→ Activity
A verbatim transcript of the data that follows, free of images, is the expected result.

*** Records supplied ***

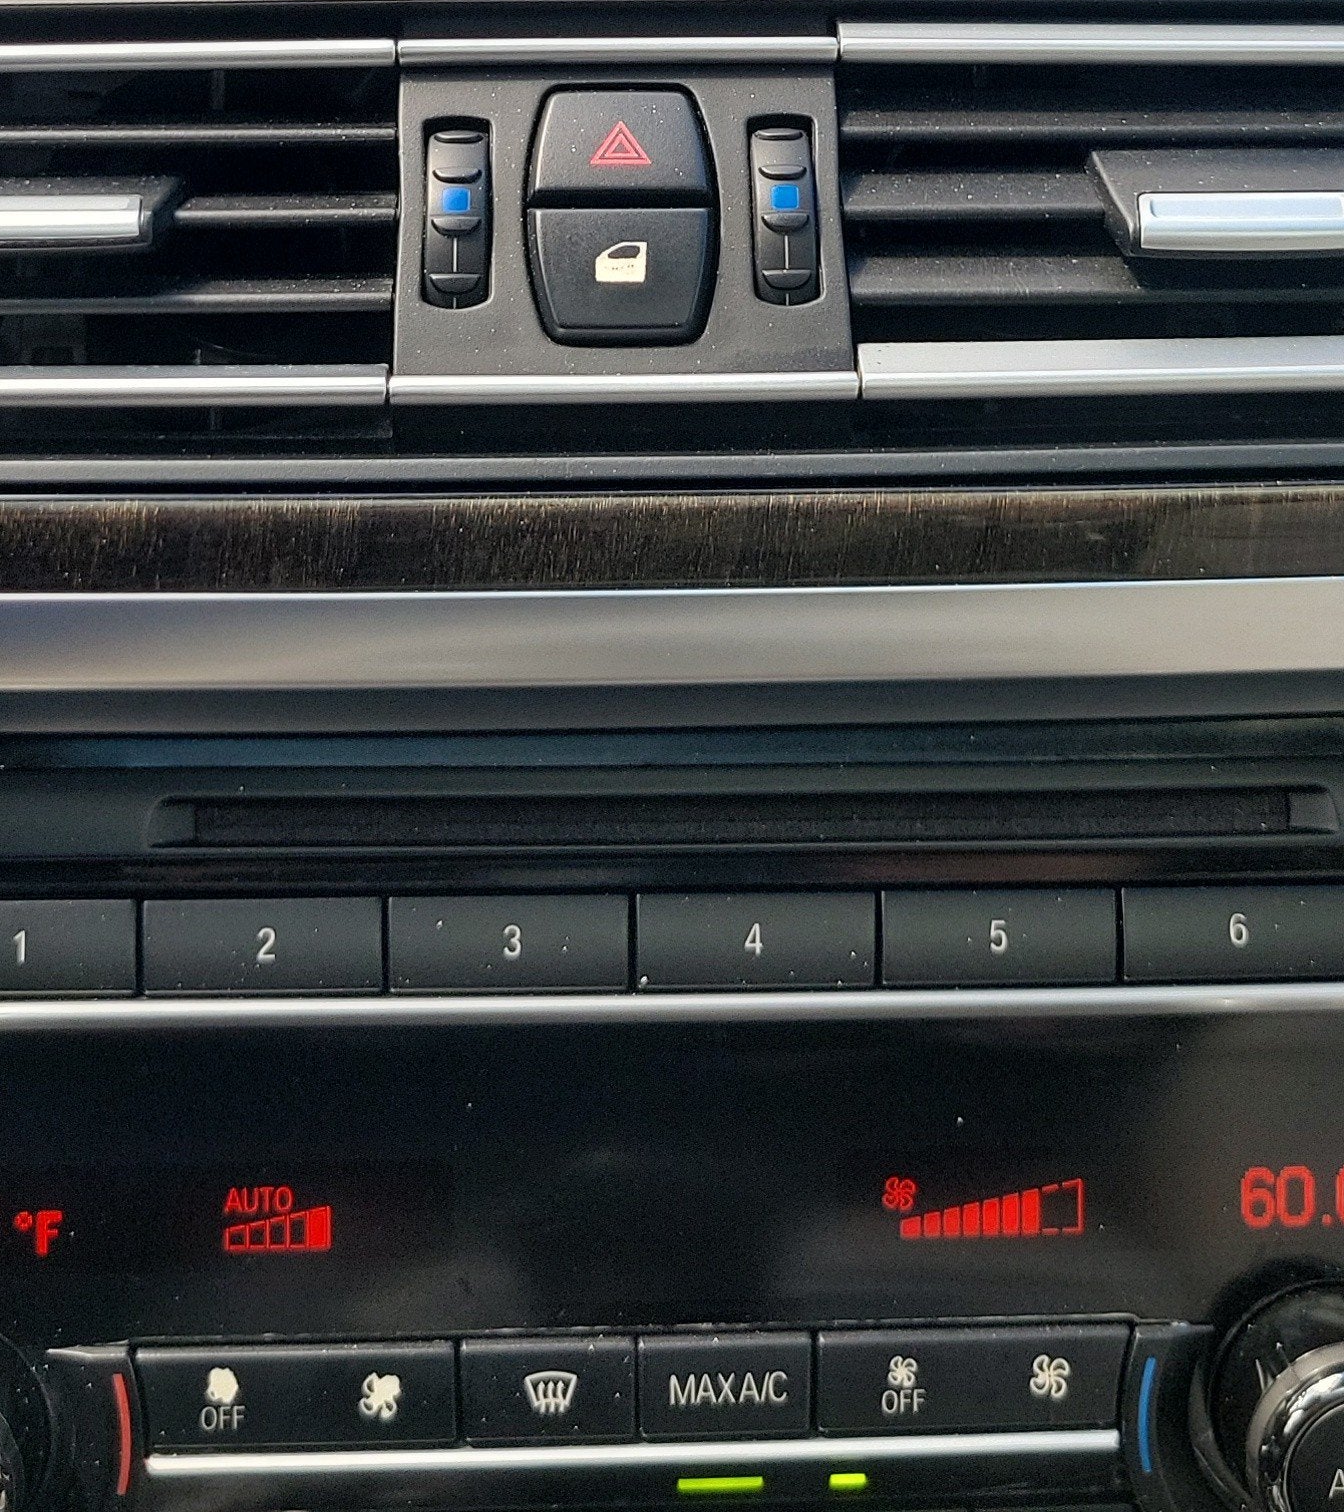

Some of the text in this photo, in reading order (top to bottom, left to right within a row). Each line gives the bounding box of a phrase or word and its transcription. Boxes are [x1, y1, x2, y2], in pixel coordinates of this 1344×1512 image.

[13, 929, 27, 964] 1
[256, 927, 277, 963] 2
[502, 925, 522, 959] 3
[744, 923, 764, 956] 4
[989, 919, 1009, 953] 5
[1228, 913, 1249, 946] 6
[223, 1187, 294, 1214] AUTO
[14, 1209, 63, 1256] °F
[669, 1370, 788, 1407] MAX A/C
[881, 1389, 926, 1415] OFF
[200, 1405, 246, 1431] OFF
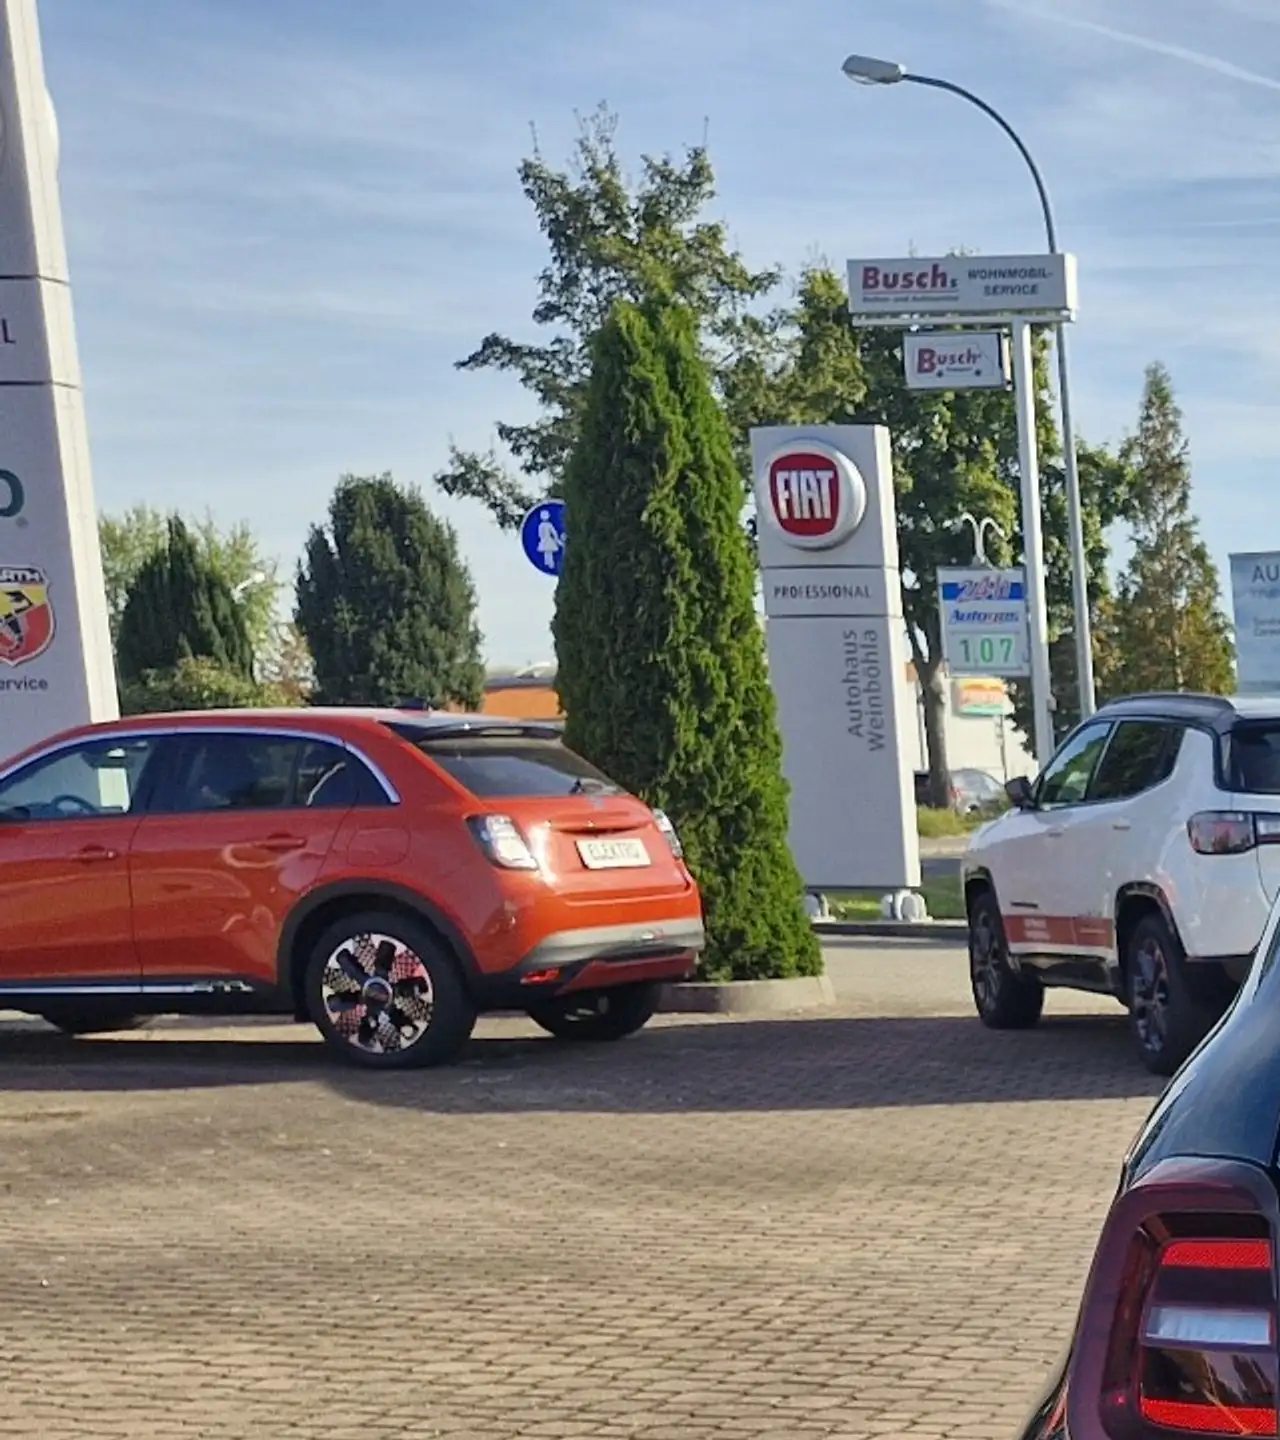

***

→ Problem solution
Some of the text in this photo, in reading order (top to bottom, left to right within a row). Each line gives the bounding box of a phrase or word and its transcription. Boxes are [x1, y1, x2, y2], in pixel coordinates of this 1344×1512 image.

[13, 929, 27, 964] 1
[256, 927, 277, 963] 2
[502, 925, 522, 959] 3
[744, 923, 764, 956] 4
[989, 919, 1009, 953] 5
[1228, 913, 1249, 946] 6
[223, 1187, 294, 1214] AUTO
[14, 1209, 63, 1256] °F
[669, 1370, 788, 1407] MAX A/C
[881, 1389, 926, 1415] OFF
[200, 1405, 246, 1431] OFF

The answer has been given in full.